YOUR INSTRUCTIONS => Nothing should be left out. Give all the data again exactly as written.

◆ ◆ ◆ ◆

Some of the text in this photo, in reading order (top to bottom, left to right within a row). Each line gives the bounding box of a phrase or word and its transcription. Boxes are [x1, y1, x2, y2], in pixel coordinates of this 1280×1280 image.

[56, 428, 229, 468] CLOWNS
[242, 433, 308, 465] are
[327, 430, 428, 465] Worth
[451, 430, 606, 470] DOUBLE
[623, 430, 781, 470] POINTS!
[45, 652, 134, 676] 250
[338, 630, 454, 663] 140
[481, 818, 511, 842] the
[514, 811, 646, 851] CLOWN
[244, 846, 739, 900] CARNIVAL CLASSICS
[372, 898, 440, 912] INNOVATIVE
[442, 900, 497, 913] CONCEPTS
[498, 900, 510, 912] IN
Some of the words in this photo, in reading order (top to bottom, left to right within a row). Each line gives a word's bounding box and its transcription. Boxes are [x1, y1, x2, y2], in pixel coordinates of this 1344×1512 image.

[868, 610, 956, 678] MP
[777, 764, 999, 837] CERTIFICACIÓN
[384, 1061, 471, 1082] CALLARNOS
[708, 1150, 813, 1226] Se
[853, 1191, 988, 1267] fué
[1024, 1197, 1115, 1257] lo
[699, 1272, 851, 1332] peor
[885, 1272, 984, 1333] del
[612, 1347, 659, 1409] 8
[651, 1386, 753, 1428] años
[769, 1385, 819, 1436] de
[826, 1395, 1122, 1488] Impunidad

◆ ◆ ◆ ◆

REPLY TO THE EXERCISE =>
Some of the text in this photo, in reading order (top to bottom, left to right within a row). Each line gives the bounding box of a phrase or word and its transcription. Boxes are [x1, y1, x2, y2], in pixel coordinates of this 1280×1280 image.

[56, 428, 229, 468] CLOWNS
[242, 433, 308, 465] are
[327, 430, 428, 465] Worth
[451, 430, 606, 470] DOUBLE
[623, 430, 781, 470] POINTS!
[45, 652, 134, 676] 250
[338, 630, 454, 663] 140
[481, 818, 511, 842] the
[514, 811, 646, 851] CLOWN
[244, 846, 739, 900] CARNIVAL CLASSICS
[372, 898, 440, 912] INNOVATIVE
[442, 900, 497, 913] CONCEPTS
[498, 900, 510, 912] IN
Some of the words in this photo, in reading order (top to bottom, left to right within a row). Each line gives a word's bounding box and its transcription. Boxes are [x1, y1, x2, y2], in pixel coordinates of this 1344×1512 image.

[868, 610, 956, 678] MP
[777, 764, 999, 837] CERTIFICACIÓN
[384, 1061, 471, 1082] CALLARNOS
[708, 1150, 813, 1226] Se
[853, 1191, 988, 1267] fué
[1024, 1197, 1115, 1257] lo
[699, 1272, 851, 1332] peor
[885, 1272, 984, 1333] del
[612, 1347, 659, 1409] 8
[651, 1386, 753, 1428] años
[769, 1385, 819, 1436] de
[826, 1395, 1122, 1488] Impunidad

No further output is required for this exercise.